The British interrogators judged the prisoner’s information to be reliable and wrote a ten-page secret report that was sent on July 3, 1943, to Military Intelligence in London and the Chemical Warfare Experimental Establishment at Porton Down. (Founded in 1916 on 7,000 acres of rolling English countryside in Wiltshire, Porton Down was the British government’s primary center for chemical weapons research and development.) Because of a lack of corroborating evidence, however, British officials had doubts about the veracity of the intelligence report and decided to take no action.
ON THE EASTERN front, Hitler’s campaign to conquer the Soviet Union was reaching a fateful turning point. In the fall of 1942, the German Sixth Army had attacked Stalingrad, and during the ensuing weeks, street fighting had raged throughout the city. At dawn on November 19, the Soviets launched a major counteroffensive in which armored spearheads drove in a pincer movement from the north and the south, cutting off Stalingrad and forcing the Sixth Army to retreat to the west or be surrounded. After Hitler refused to authorize a retreat, twenty German divisions were encircled by the Soviet forces. On January 8, 1943, the Soviet commander gave the doomed Sixth Army a final chance to surrender. When Hitler again refused, the Soviets began a massive artillery bombardment with 5,000 guns. Over six days of bitter fighting, the German pocket was reduced by half, and on February 2, 1943, the battered remnant finally surrendered. Of the more than 250,000 German soldiers who fought at Stalingrad, 7
0,000 were killed and 91,000 captured, including 24 generals. Half starved and frostbitten, the POWs were sent to camps in Siberia, and only about 5,000 survived the war. This terrible defeat halted the German advance into southern Russia and provoked much soul-searching in Berlin.
After the debacle at Stalingrad, the proponents of gas warfare in the Nazi inner circle believed that their time had come. Martin Bormann, the head of the Party Chancellery and private secretary to the Führer; Joseph Goebbels, the Reich Minister for Popular Education and Propaganda; and Robert Ley, the leader of the German Workers’ Front, all argued for unleashing Tabun against the Red Army. Hitler was prepared to consider the use of chemical weapons against the Russians, whom he despised and considered subhuman. In February 1943, he ordered preparations for a chemical attack on the eastern front, setting a deadline of April 20. But when that day arrived, he continued to equivocate.

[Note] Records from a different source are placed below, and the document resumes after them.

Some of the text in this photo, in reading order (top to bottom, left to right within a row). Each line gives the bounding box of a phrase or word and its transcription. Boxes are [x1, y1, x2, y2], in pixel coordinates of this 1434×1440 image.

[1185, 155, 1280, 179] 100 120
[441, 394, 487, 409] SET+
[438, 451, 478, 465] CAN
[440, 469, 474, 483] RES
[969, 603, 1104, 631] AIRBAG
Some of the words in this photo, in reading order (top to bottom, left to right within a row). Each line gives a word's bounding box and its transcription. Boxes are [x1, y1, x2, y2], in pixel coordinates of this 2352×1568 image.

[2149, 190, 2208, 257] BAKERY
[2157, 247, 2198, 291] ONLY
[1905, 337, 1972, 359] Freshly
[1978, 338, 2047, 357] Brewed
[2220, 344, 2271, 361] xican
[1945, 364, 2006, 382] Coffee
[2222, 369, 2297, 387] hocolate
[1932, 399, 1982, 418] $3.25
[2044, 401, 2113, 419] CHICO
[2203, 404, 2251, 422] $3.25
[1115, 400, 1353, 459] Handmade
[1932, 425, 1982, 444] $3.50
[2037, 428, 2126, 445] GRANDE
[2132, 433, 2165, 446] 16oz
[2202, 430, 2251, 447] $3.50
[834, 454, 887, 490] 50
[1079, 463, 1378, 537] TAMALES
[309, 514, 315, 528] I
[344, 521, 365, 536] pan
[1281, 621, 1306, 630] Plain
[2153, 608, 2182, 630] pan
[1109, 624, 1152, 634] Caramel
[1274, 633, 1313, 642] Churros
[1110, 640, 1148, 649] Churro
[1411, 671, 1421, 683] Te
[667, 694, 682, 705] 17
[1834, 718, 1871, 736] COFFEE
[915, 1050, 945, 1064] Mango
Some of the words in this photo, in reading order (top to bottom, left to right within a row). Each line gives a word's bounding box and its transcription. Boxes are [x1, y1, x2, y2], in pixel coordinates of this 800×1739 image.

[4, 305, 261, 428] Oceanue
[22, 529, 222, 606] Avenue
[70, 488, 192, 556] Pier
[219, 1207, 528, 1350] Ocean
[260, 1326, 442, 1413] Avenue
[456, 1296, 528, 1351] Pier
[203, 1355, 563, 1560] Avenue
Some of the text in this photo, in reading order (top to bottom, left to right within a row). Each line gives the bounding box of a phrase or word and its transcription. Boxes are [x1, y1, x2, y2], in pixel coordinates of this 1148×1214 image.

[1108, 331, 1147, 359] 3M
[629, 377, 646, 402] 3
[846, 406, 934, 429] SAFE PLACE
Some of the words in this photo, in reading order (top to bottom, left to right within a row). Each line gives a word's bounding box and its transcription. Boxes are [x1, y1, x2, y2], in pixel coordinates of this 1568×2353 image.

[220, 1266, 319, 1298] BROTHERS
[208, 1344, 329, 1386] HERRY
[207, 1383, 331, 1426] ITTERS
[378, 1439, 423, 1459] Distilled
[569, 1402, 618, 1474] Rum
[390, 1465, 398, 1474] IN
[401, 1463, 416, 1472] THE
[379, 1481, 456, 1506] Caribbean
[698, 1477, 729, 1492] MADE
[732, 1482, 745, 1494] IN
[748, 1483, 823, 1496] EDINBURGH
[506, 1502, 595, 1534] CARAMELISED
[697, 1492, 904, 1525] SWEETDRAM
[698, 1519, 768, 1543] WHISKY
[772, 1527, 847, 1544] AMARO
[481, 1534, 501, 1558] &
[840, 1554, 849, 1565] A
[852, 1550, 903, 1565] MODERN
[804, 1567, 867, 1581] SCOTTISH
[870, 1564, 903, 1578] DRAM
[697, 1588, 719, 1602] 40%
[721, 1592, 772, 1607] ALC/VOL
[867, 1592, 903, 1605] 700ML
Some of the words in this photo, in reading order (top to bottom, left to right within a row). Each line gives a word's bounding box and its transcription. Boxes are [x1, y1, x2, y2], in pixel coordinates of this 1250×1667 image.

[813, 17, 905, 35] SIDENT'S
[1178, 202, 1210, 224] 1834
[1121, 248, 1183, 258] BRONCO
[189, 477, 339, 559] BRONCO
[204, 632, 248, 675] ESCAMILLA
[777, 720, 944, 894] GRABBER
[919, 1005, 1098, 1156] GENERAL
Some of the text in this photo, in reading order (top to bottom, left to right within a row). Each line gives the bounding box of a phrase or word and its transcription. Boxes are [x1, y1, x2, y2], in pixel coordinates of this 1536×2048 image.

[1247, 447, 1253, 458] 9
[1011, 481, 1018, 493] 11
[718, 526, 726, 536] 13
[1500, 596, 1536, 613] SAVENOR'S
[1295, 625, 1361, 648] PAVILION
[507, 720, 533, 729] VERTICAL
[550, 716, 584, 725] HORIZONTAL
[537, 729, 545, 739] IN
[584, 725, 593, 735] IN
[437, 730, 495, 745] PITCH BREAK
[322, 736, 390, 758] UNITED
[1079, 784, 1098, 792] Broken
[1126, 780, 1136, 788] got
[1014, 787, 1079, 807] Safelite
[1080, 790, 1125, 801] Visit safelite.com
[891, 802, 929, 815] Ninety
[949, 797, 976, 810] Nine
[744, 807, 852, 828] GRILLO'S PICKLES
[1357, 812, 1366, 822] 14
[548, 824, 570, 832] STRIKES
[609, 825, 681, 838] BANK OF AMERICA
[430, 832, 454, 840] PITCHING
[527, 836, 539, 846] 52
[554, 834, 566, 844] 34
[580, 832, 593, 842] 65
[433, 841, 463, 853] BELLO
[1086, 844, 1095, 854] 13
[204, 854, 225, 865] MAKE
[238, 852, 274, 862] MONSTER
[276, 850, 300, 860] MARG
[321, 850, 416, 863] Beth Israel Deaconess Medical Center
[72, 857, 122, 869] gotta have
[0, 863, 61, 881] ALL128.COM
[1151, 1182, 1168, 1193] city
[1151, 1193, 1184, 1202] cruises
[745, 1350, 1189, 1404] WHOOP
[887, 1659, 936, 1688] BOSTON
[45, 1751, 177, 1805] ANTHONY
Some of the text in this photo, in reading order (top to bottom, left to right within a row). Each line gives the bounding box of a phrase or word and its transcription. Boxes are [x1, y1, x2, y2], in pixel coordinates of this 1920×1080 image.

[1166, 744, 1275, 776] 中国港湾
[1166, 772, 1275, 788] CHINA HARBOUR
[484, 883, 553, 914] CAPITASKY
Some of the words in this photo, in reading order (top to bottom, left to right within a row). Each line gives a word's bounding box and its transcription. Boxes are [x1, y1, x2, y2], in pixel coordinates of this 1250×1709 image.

On May 15, 1943, the Führer called a war conference of his closest advisers at his new military headquarters near Rastenburg in East Prussia known as “Wolf’s Lair” (Wolfsschanze). Situated in dense forest, the compound consisted of three concentric circles, each protected by minefields, pillboxes, and an electrified barbed-wire fence that was continually patrolled by SS guards. To enter the innermost zone where Hitler lived and worked, even the most senior officials had to obtain a special onetime pass and be personally inspected by the SS chief of security or one of his deputies.